How to create Resource based policy?

How to create a Resource based policy statement using Terraform? I have tried using aws_iam_role , aws_lambda_permission and didn’t worked out. Throwing me errors as malformed statements principal is not allowed? Please share a sample code to create a resource based policy statement for aws lambda.

Hi @anvesh.kothapelly,

I’m not familiar with this specific service, but I do know that resource-based policies are usually configured as part of the API that the resource belongs to, rather than as part of the IAM API, and so I would try to find a resource type related to Lambda that seems to be related to access control.

aws_lambda_permission seems to have something to do with granting access to Lambda functions but it seems focused only on dealing with trust policies from other AWS services, and not for arbitrary principals.

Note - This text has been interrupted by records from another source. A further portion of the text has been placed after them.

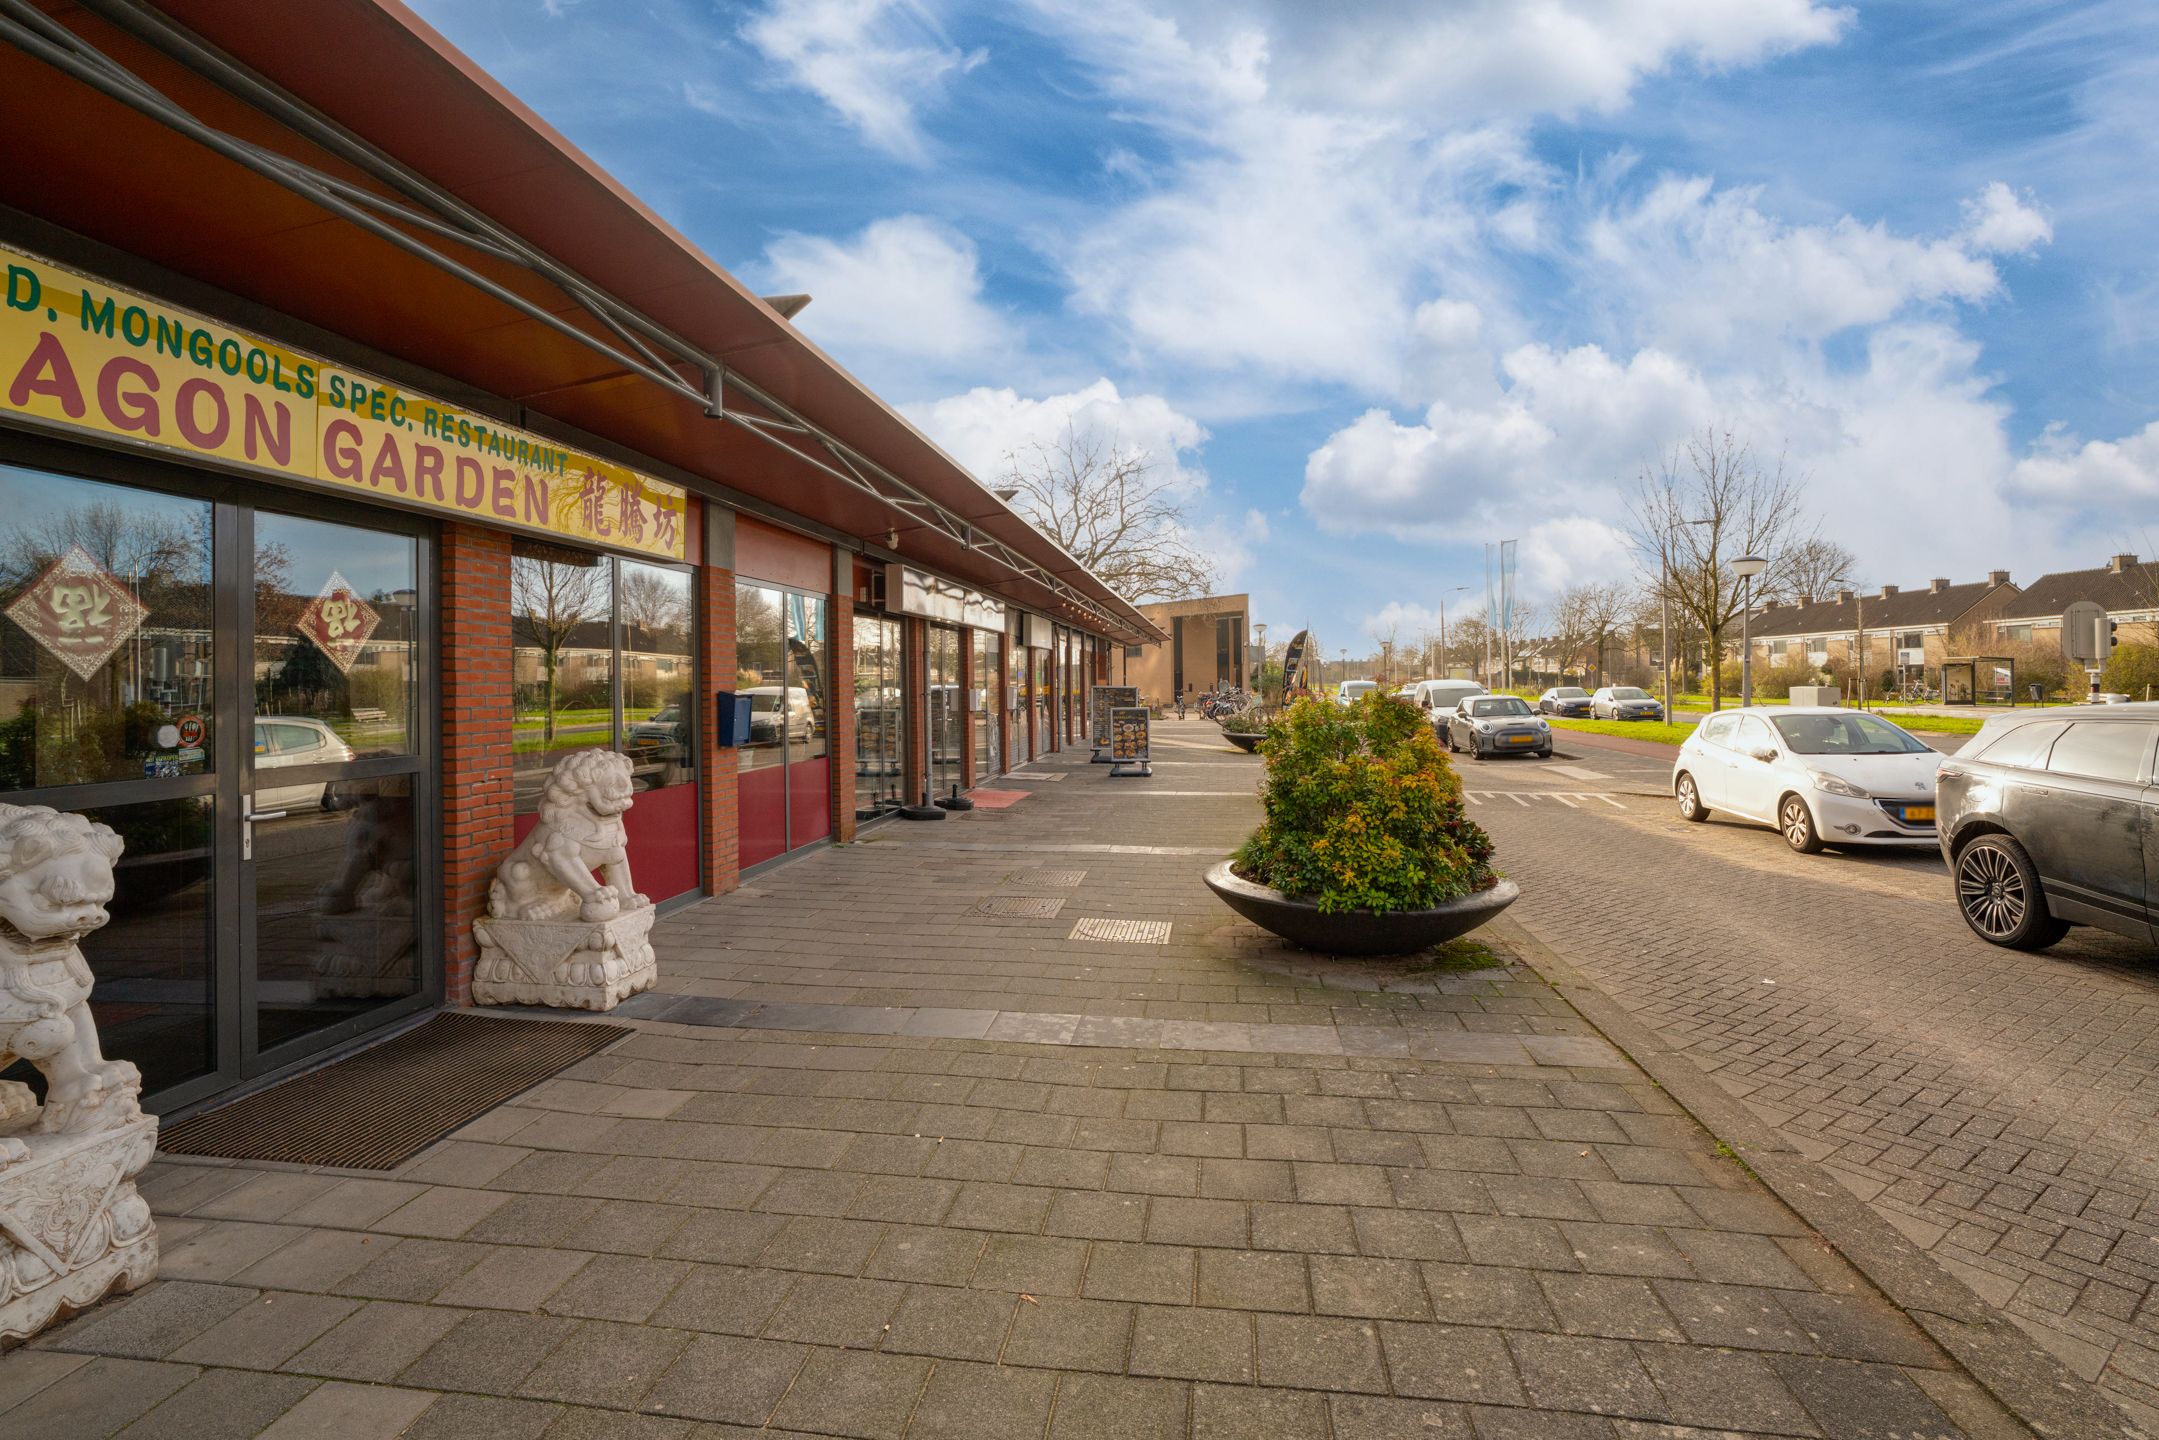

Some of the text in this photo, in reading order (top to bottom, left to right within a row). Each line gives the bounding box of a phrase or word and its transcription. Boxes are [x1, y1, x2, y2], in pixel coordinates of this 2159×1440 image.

[9, 332, 548, 525] AGON GARDEN
[81, 289, 315, 399] MONGOOLS
[329, 375, 412, 432] SPEC.
[424, 407, 567, 477] RESTAURANT
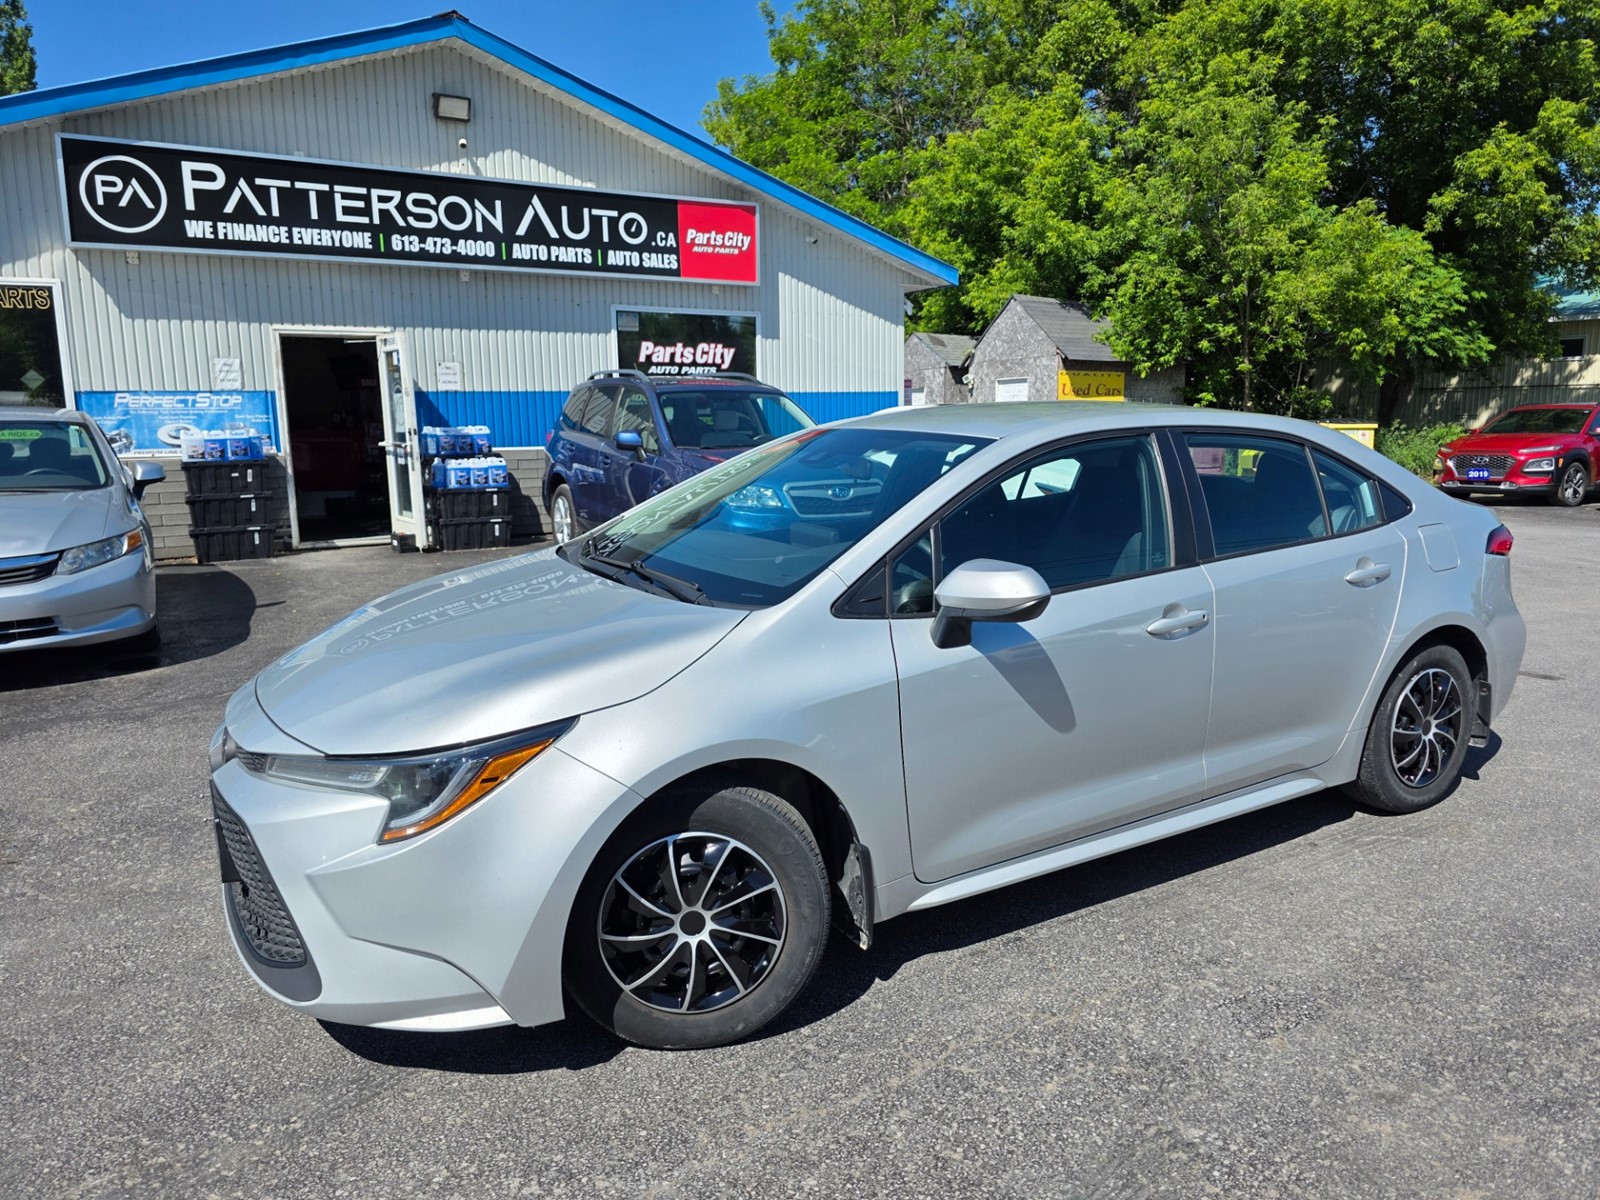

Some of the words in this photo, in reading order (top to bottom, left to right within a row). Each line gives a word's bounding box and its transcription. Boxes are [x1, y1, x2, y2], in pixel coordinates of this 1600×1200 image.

[94, 174, 155, 209] PA
[181, 160, 504, 234] PATTERSON
[184, 219, 214, 239] WE
[216, 221, 290, 244] FINANCE
[292, 227, 373, 249] EVERYONE
[391, 233, 495, 257] 613-473-4000
[512, 243, 549, 260] AUTO
[551, 246, 593, 264] PARTS
[607, 250, 641, 267] AUTO
[642, 253, 678, 270] SALES
[692, 245, 714, 254] AUTO
[714, 247, 740, 255] PARTS
[648, 365, 679, 374] AUTO
[680, 366, 717, 375] PARTS
[1062, 383, 1091, 396] Used
[1095, 383, 1122, 396] Cars
[1468, 470, 1489, 478] 2019

The relevant AWS documentation suggests that Lambda does not support arbitrary IAM policy documents for resource-based policies, and instead the Lambda service generates an IAM policy itself based on the higher-level “permissions” abstraction:

You can only update resource-based policies for Lambda resources within the scope of the AddPermission and AddLayerVersionPermission API actions. Currently, you can’t author policies for your Lambda resources in JSON, or use conditions that don’t map to parameters for those actions.

This suggests to me that what you want to achieve is not currently possible and that this “permissions” resource type is the only way to (indirectly) specify a resource-level policy for a Lambda function. You may wish to contact AWS support for confirmation of that, and to share your use-case with them so that they might support it in future. Terraform can typically only support what the underlying API supports.

Thank you @apparentlymart for your inputs.